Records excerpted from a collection
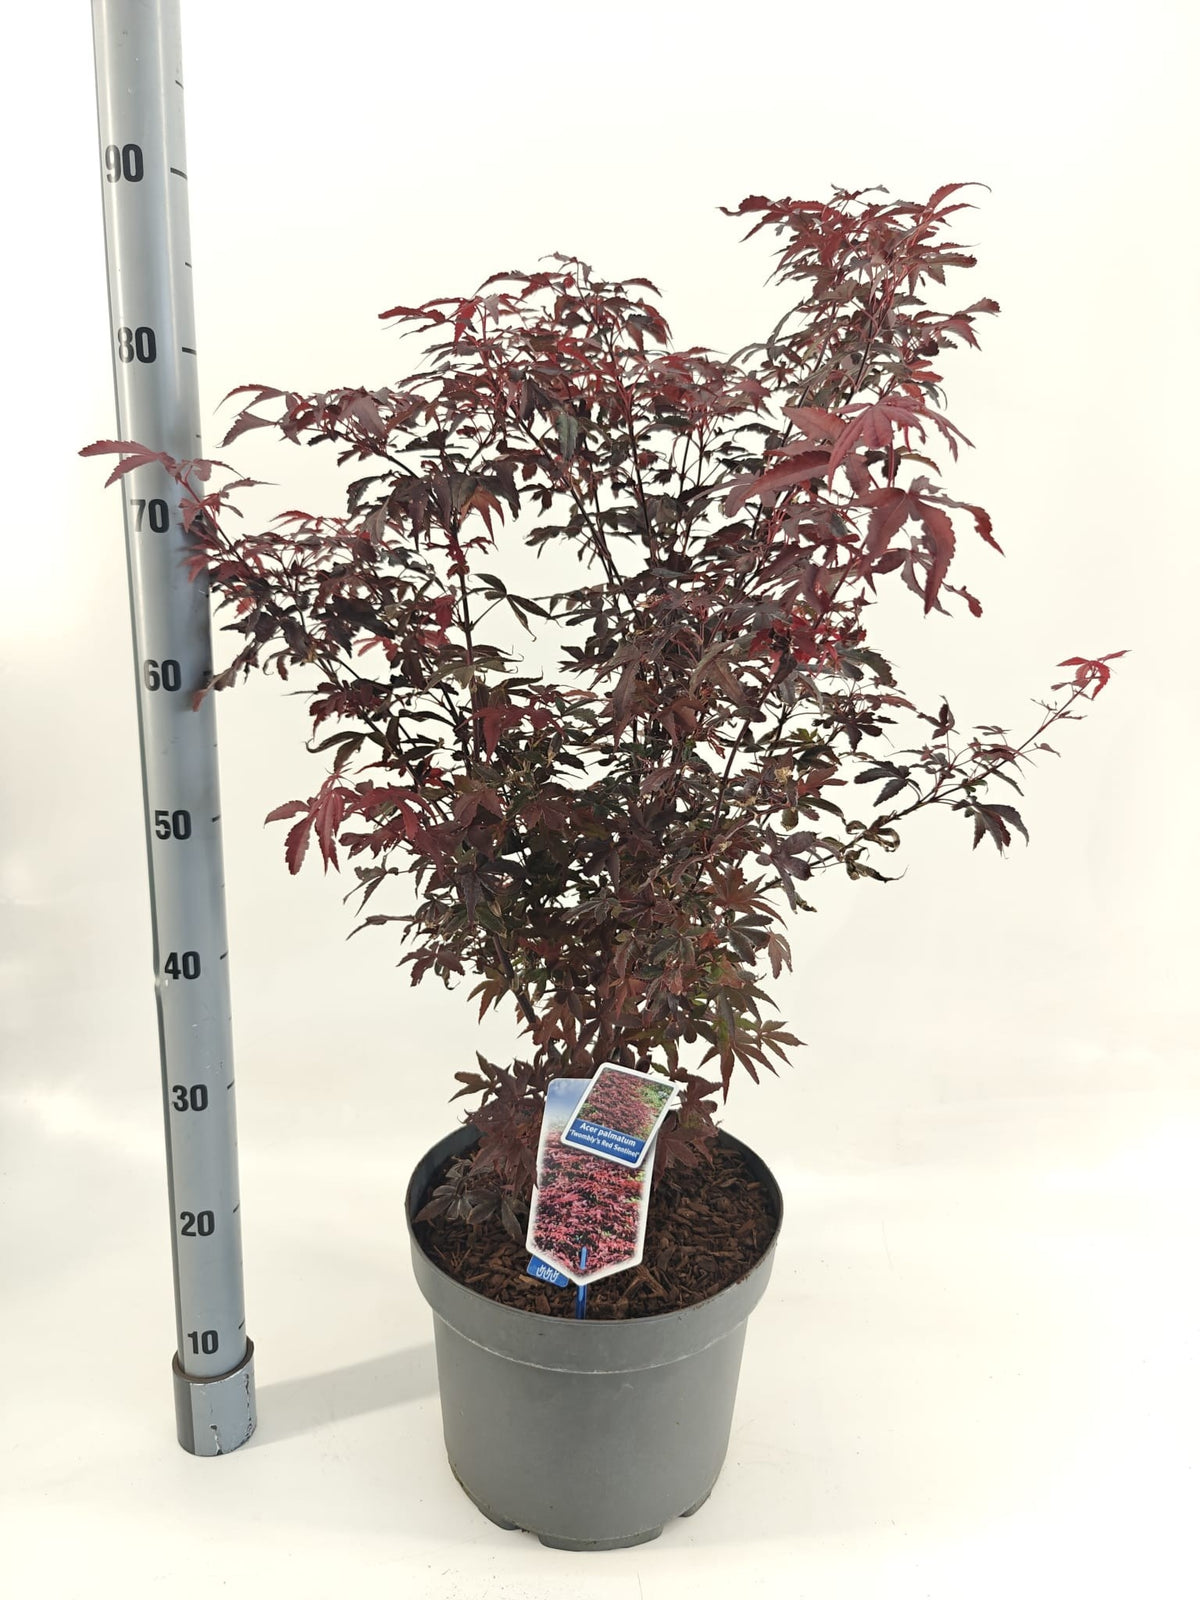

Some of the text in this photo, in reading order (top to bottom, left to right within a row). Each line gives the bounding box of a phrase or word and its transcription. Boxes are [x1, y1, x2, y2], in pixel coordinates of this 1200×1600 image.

[105, 143, 144, 183] 90
[119, 326, 157, 364] 80
[130, 498, 170, 534] 70
[144, 659, 182, 692] 60
[155, 809, 191, 840] 50
[164, 950, 201, 980] 40
[171, 1084, 208, 1112] 30
[580, 1122, 636, 1147] Acer palmatum
[601, 1140, 613, 1149] Red
[181, 1210, 215, 1237] 20
[187, 1330, 219, 1355] 10

How to complete this task
Every record above should come back exactly, but without its pictures.

Answer below
Some of the text in this photo, in reading order (top to bottom, left to right within a row). Each line gives the bounding box of a phrase or word and its transcription. Boxes are [x1, y1, x2, y2], in pixel coordinates of this 1200×1600 image.

[105, 143, 144, 183] 90
[119, 326, 157, 364] 80
[130, 498, 170, 534] 70
[144, 659, 182, 692] 60
[155, 809, 191, 840] 50
[164, 950, 201, 980] 40
[171, 1084, 208, 1112] 30
[580, 1122, 636, 1147] Acer palmatum
[601, 1140, 613, 1149] Red
[181, 1210, 215, 1237] 20
[187, 1330, 219, 1355] 10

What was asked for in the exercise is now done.